- Shortstop
- Born: May 5, 1934 Turbeville, South Carolina, U.S.
- Died: June 30, 2011 (aged 77) Greenville, South Carolina, U.S.
- Batted: RightThrew: Right

MLB debut
- April 17, 1956, for the Boston Red Sox

Last MLB appearance
- September 25, 1962, for the Detroit Tigers

MLB statistics
- Batting average: .241
- Home runs: 41
- Runs batted in: 225
- Stats at Baseball Reference

Teams
- Boston Red Sox (1956, 1958–61); Houston Colt .45s (1962); Detroit Tigers (1962);

= Don Buddin =

American baseball player (1934–2011)

Donald Thomas Buddin (May 5, 1934 – June 30, 2011) was an American professional baseball shortstop. He played all or part of six seasons in Major League Baseball for the Boston Red Sox (1956, 1958–61), Houston Colt .45s (1962) and Detroit Tigers (1962). Listed at 5 ft 11 in, 178 lb, Buddin batted and threw right-handed. He was born in Turbeville, South Carolina.

==Early life==
Buddin played high school baseball in Olanta, South Carolina, where he led his team to the state championship in 1953. Buddin led The American Legion Baseball Olanta, Sc Post 85 to the State Championship game in 1951 He was a highly touted prospect, and the Boston Red Sox won a bidding war for his services. He was signed by Red Sox scout Mace Brown for an estimated $50,000 bonus. At the time, Red Sox owner Tom Yawkey boasted that "Buddin can become one of the top ballplayers of his time". He attended nearby Wofford College for two years and joined the Red Sox prior to the 1956 season.

==Major League career==
He became the Red Sox starting shortstop from 1956 through 1961, with the exception of the 1957 season, which he spent in military service. Buddin led the American League in errors by a shortstop in 1958 and 1959, and finished third and second in that category in 1956 and 1960. His defensive struggles led one Boston sportswriter to write that Buddin's car should bear the license plate "E-6," and the nickname "Bootin' Buddin," given by Red Sox fans. In 1959, the Red Sox bought infielder Pumpsie Green to compete for Buddin's job. With the promotion of Green, the Red Sox became the last team to integrate their roster.

Buddin's most productive season came in 1961, when he batted a career-high .263 in 109 games. He was traded that offseason to the expansion Colt .45s for fellow shortstop Eddie Bressoud.

Buddin was the starting shortstop in Houston's first official National League game on April 10, 1962 — an 11–2 victory against the visiting Chicago Cubs, in which he was hitless in three at bats but played errorless ball in the field and turned a double play. On June 11, he hit the first grand slam in Houston franchise history against Joe Moeller of the Los Angeles Dodgers. But he batted only .163 in 40 games, and Bob Lillis supplanted him as the Colt .45s regular shortstop. On July 20, Buddin's contract was waived to the Tigers, where he played out his final year in the Majors as a backup to Chico Fernández.

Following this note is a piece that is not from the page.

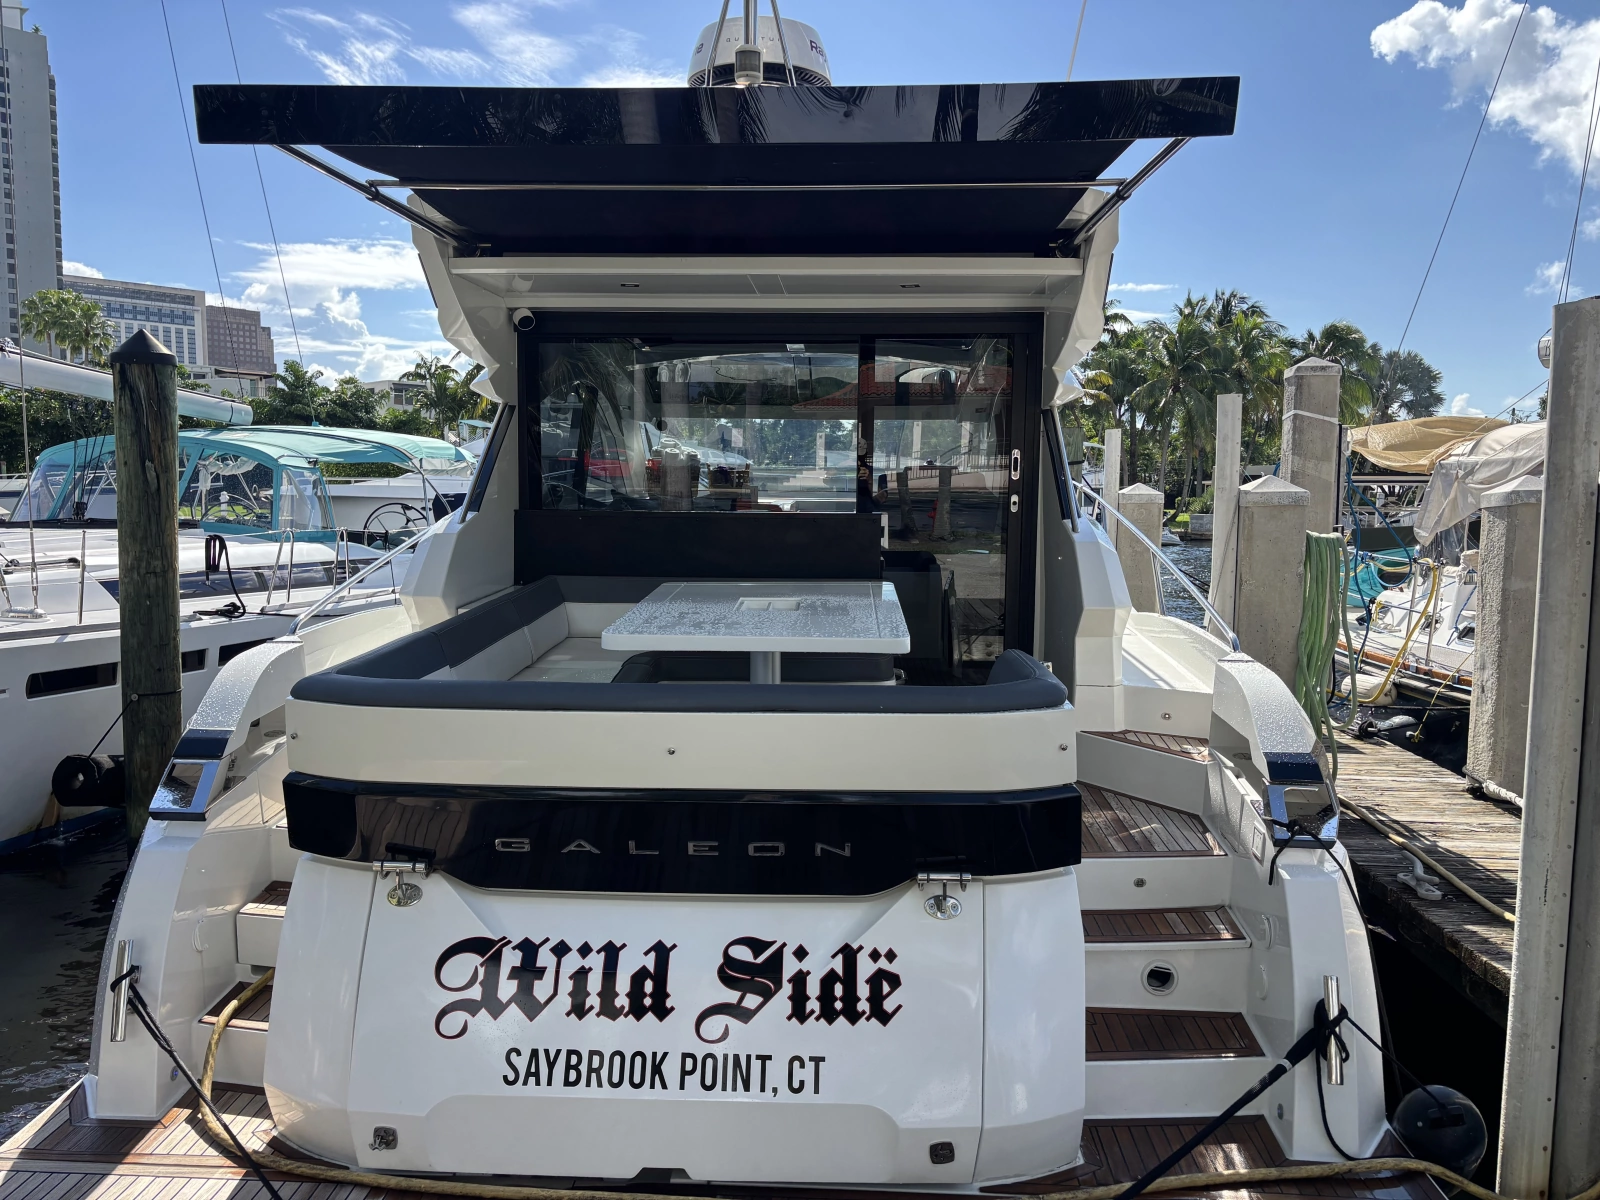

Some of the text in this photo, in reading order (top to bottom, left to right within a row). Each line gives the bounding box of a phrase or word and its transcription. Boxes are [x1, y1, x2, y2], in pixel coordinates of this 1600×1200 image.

[495, 838, 851, 857] GALEON
[434, 935, 678, 1040] Wild
[502, 1047, 826, 1098] SAYBROOK POINT, CT

In a six-season MLB career, Buddin posted a .241 batting average with 551 hits and 41 home runs in 711 games, driving in 225 runs while scoring 342 times, committing 155 errors for a .954 fielding average. He also played seven minor league seasons between 1952 and 1965, most prominently in the International League and the Pacific Coast League circuits.

==Death==
Buddin died in Greenville, South Carolina, at the age of 77 after having a long bout with cancer.